In eolian events, where large amounts of dust are carried through an atmosphere, strong electric fields can be generated above ground. Electric charge is transmitted via tribocharging during inter-particle collisions which can have a great impact on further particle transport and sedimentation. If different grain sizes, for example, charge differently, this might lead to size dependent particle and charge separation [1]. It could also promote particle lifting [2,3]. This shows, that understanding the charging behavior of particles and aggregates in strong electric fields is important in the context of particle transport in atmospheres. Especially on Mars, any kind of support for particle lifting might be crucial.

We investigate the charging behavior of mm-sized basaltic dust aggregates with the help of microgravity experiments at Bremen drop tower. Our setup consists of a 50 x 50 x 110 mm chamber which we operate in an air environment. The sides of the chamber are copper plates which function as electrodes. At the bottom of the chamber, the sample is placed inside a cylindric aluminum container, which is also coated with basalt dust. The dust grains making up the agglomerates are in the µm size range. The aggregates themselves range from 0.4 – 2.2 mm in diameter.
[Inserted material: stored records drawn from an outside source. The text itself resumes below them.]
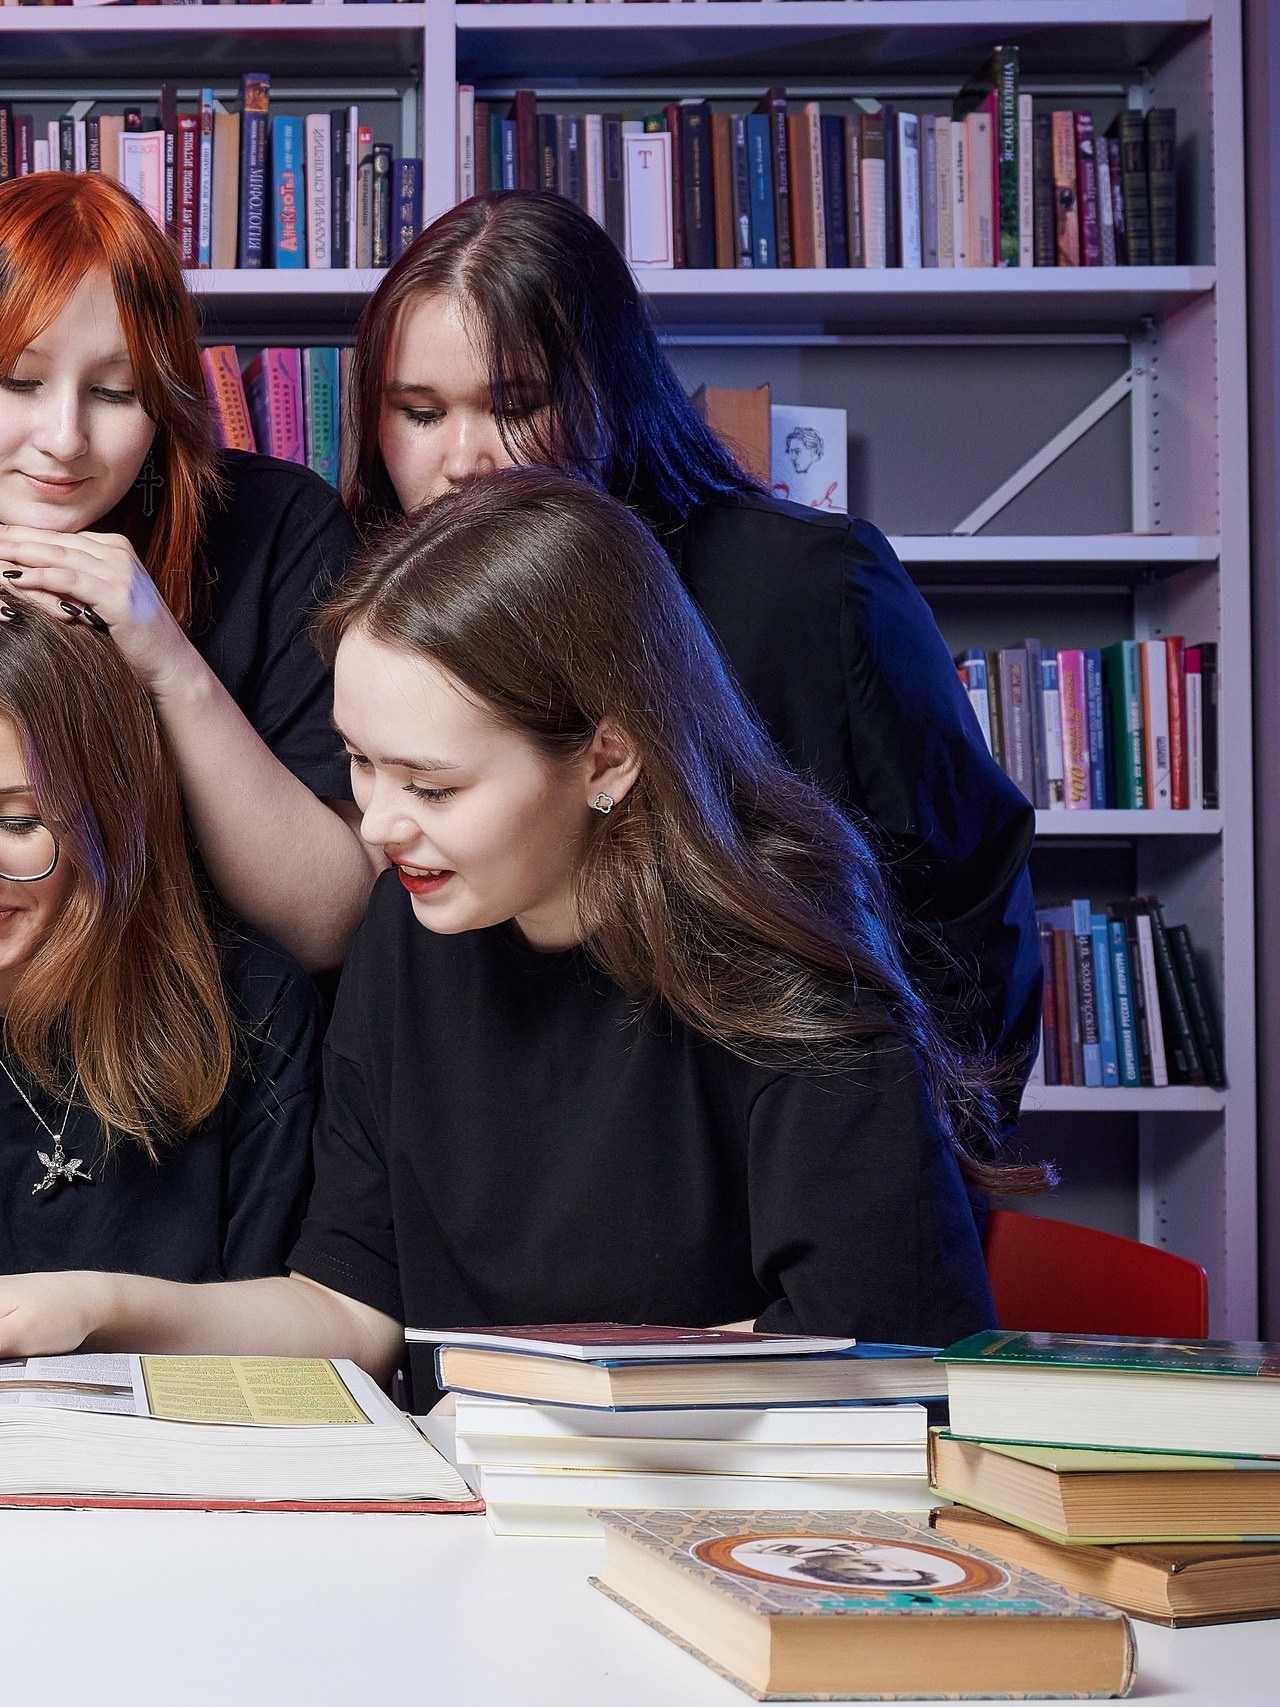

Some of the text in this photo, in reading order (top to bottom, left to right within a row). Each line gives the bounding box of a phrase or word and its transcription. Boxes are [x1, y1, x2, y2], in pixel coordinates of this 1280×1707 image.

[1001, 62, 1015, 161] ЯСНАЯ ПОЛЯНА
[248, 168, 264, 249] МИФОЛОГИЯ
[312, 128, 326, 259] СКАЗАНИЯ СТОЛЕТИЙ
[1080, 962, 1095, 1043] ЗОЛОТУССКИЙ
[1115, 952, 1137, 1080] СОВРЕМЕННАЯ РУССКАЯ ЛИТЕРАТУРА
Before the microgravity phase, we shake the aggregates for 15 minutes in order to electrically charge them. As soon as the sample is ejected into an 8 kV DC field, the aggregates are accelerated towards one of the electrodes. Through this acceleration, we can estimate the charge of the individual agglomerates. This way, we observe initial charges up to 10⁵­ e, both negative and positive without an obvious bias in polarity. Once the aggregates reach an electrode, they either instantly stick to it or bounce off, but eventually cling to the copper plate. Most agglomerates larger than 0.4 mm do, however, recharge while sticking on the electrode until the repelling Coulomb force outweighs the adhesive sticking force. The sticking time is on the order of 0.05 – 0.5 s. The agglomerates charge up to 10⁷ e until they are accelerated to the opposite electrode and recharge again. This charge gained on the electrodes is up to two orders of magnitudes higher than the initial charge. When agglomerates bounce on an electrode, no significant charge is transmitted. The experiments are in agreement with a model where conductive grains on a conductor in an electric field charge, increasing the repulsive force until the different contacts can no longer oppose lifting with their adhesive forces [4].
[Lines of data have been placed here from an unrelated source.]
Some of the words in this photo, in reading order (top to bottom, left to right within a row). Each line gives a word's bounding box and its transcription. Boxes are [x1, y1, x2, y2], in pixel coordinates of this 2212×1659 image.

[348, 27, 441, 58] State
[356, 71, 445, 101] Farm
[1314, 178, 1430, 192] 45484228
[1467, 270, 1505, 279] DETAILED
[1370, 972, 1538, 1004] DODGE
Our results show that the basaltic dust aggregates are moderately electrically conductive. This presumably is caused by water clinging to the surface and the inside of the agglomerates, making the impact of an electric field on particle transport dependent on the humidity of the ambient atmosphere. In any case, these measurements allow us to quantify the charges and the lifting forces within a given field. If electric fields were present on Mars, electrostatic repulsion might support reducing the threshold friction velocity for saltation.

 

References:

[1]          K.M. Forward, D.J. Lacks, R.M. Sankaran, 2009, Geophys. Res. Lett.,36, p. L13201
[2]          Renno N. O., Kok J. F., 2008, Space Sci. Rev., 137, 419
[3]          von Holstein-Rathlou C., Merrison J. P., Brædstrup C. F., Nørnberg P., 2012, Icarus, 220, 1
[4]          F. C. Onyeagusi, F. Jungmann, J. Teiser, G. Wurm, (in prep).